(Dataset excerpts)
>>>>>

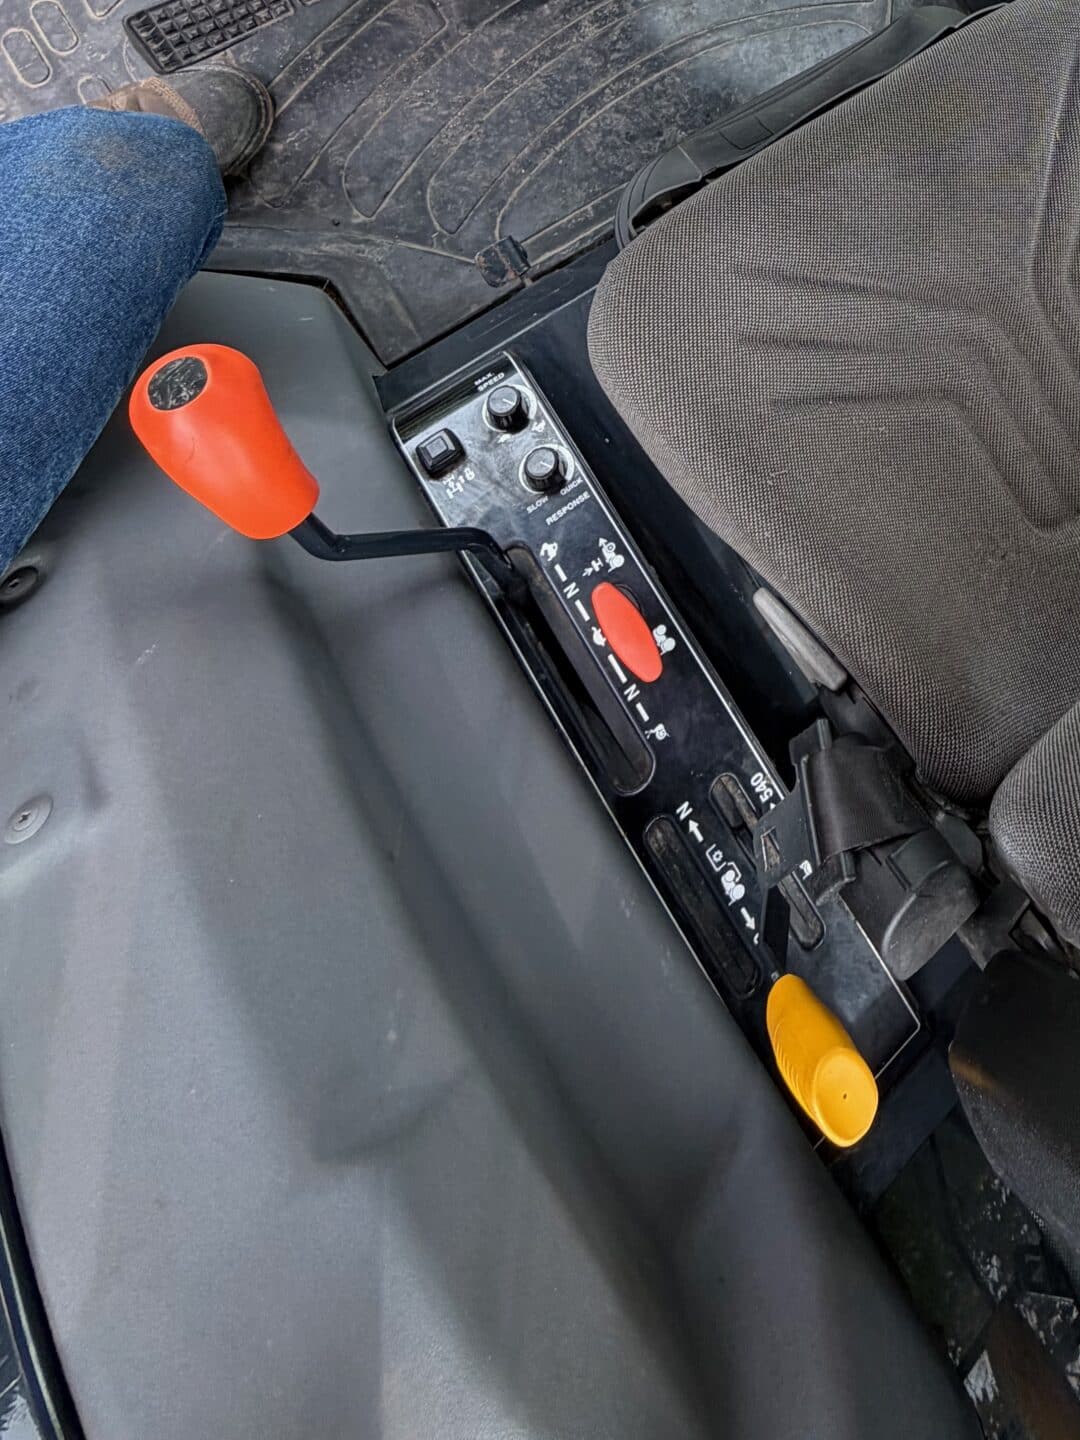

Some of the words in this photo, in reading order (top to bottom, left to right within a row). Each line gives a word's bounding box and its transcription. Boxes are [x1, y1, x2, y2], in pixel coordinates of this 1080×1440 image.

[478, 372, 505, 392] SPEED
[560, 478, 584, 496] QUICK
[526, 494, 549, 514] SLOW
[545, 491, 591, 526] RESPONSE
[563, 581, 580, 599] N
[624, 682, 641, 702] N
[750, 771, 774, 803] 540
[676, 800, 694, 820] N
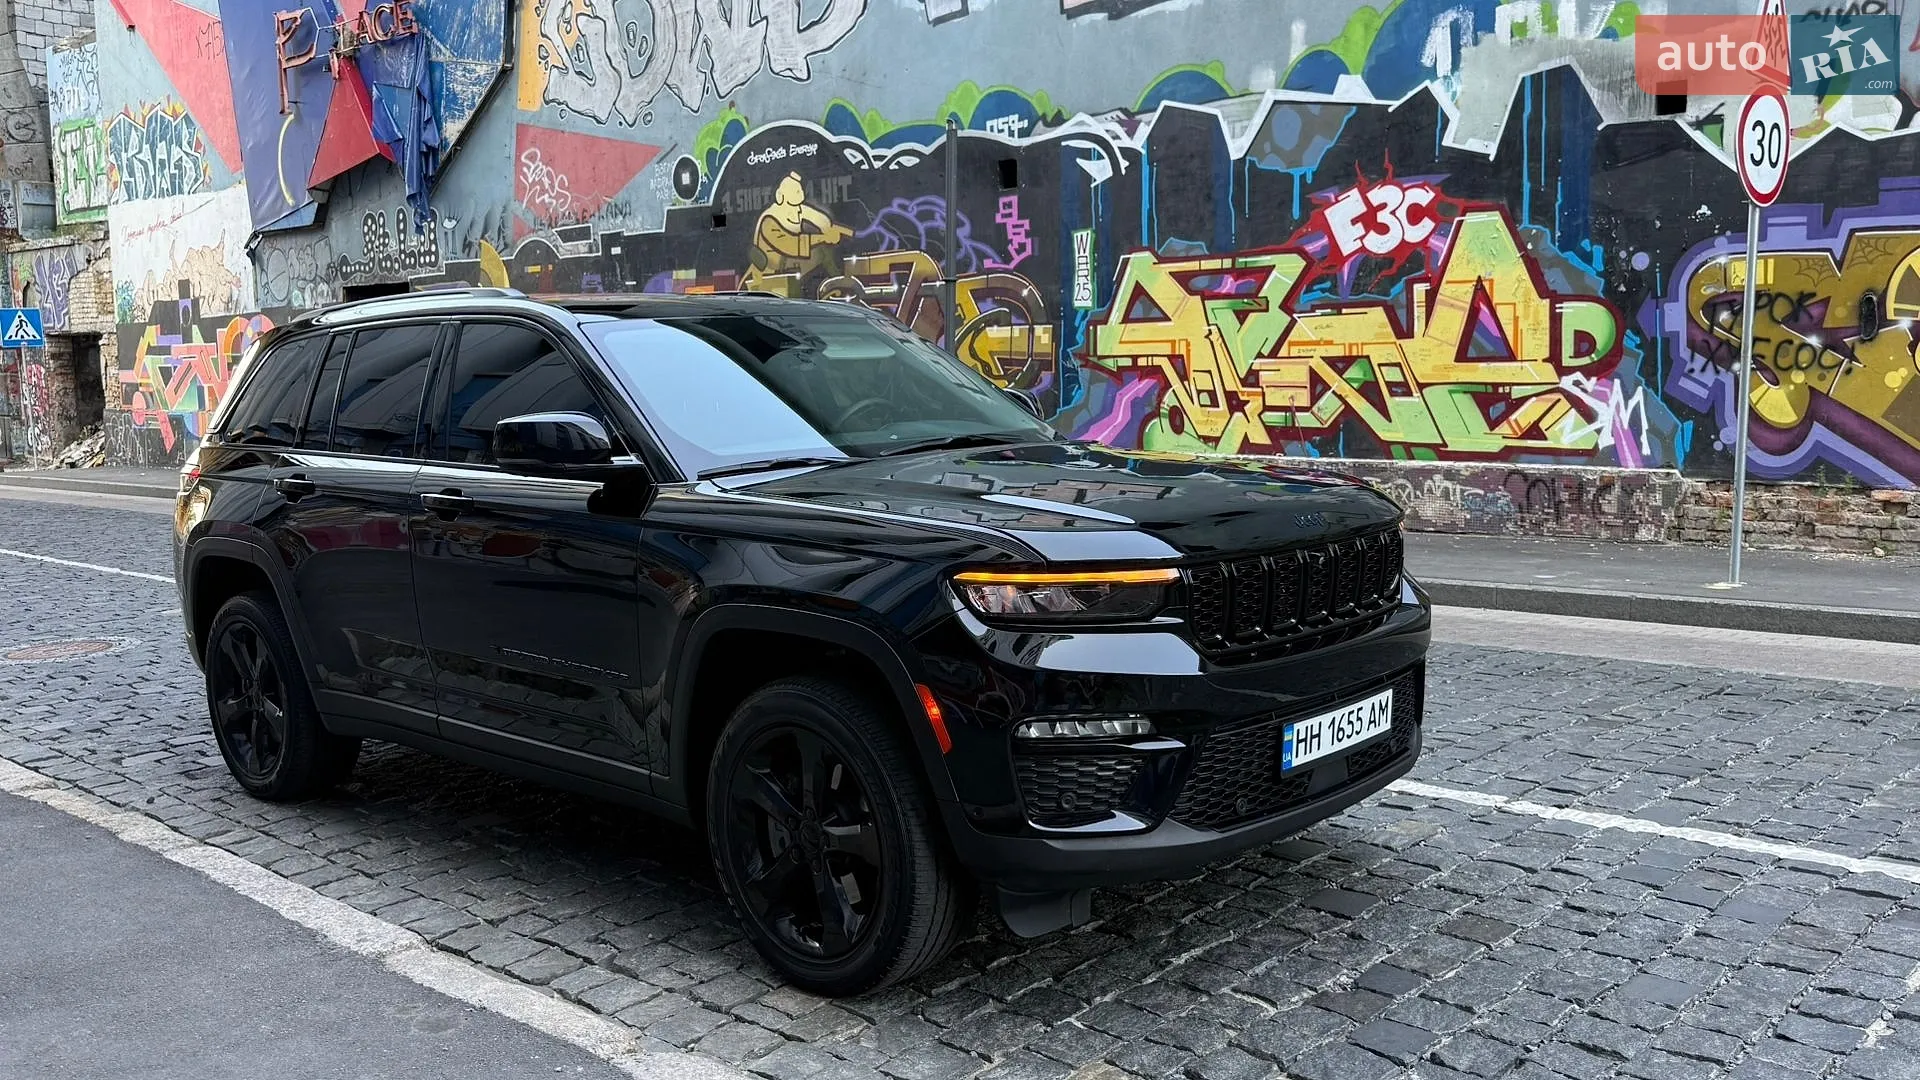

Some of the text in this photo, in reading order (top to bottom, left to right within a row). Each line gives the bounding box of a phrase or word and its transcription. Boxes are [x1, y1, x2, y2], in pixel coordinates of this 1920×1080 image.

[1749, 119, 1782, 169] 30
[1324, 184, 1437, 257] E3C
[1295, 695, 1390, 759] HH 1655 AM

<<<<<

Work request — Please repeat each record exactly and keep every picture out of the copy.

Output of the exercise —
Some of the words in this photo, in reading order (top to bottom, left to right within a row). Each line gives a word's bounding box and its transcription. Boxes are [x1, y1, x2, y2], in pixel coordinates of this 1080×1440 image.

[478, 372, 505, 392] SPEED
[560, 478, 584, 496] QUICK
[526, 494, 549, 514] SLOW
[545, 491, 591, 526] RESPONSE
[563, 581, 580, 599] N
[624, 682, 641, 702] N
[750, 771, 774, 803] 540
[676, 800, 694, 820] N

Some of the text in this photo, in reading order (top to bottom, left to right within a row). Each line gives the bounding box of a phrase or word and its transcription. Boxes are [x1, y1, x2, y2], in pixel coordinates of this 1920×1080 image.

[1749, 119, 1782, 169] 30
[1324, 184, 1437, 257] E3C
[1295, 695, 1390, 759] HH 1655 AM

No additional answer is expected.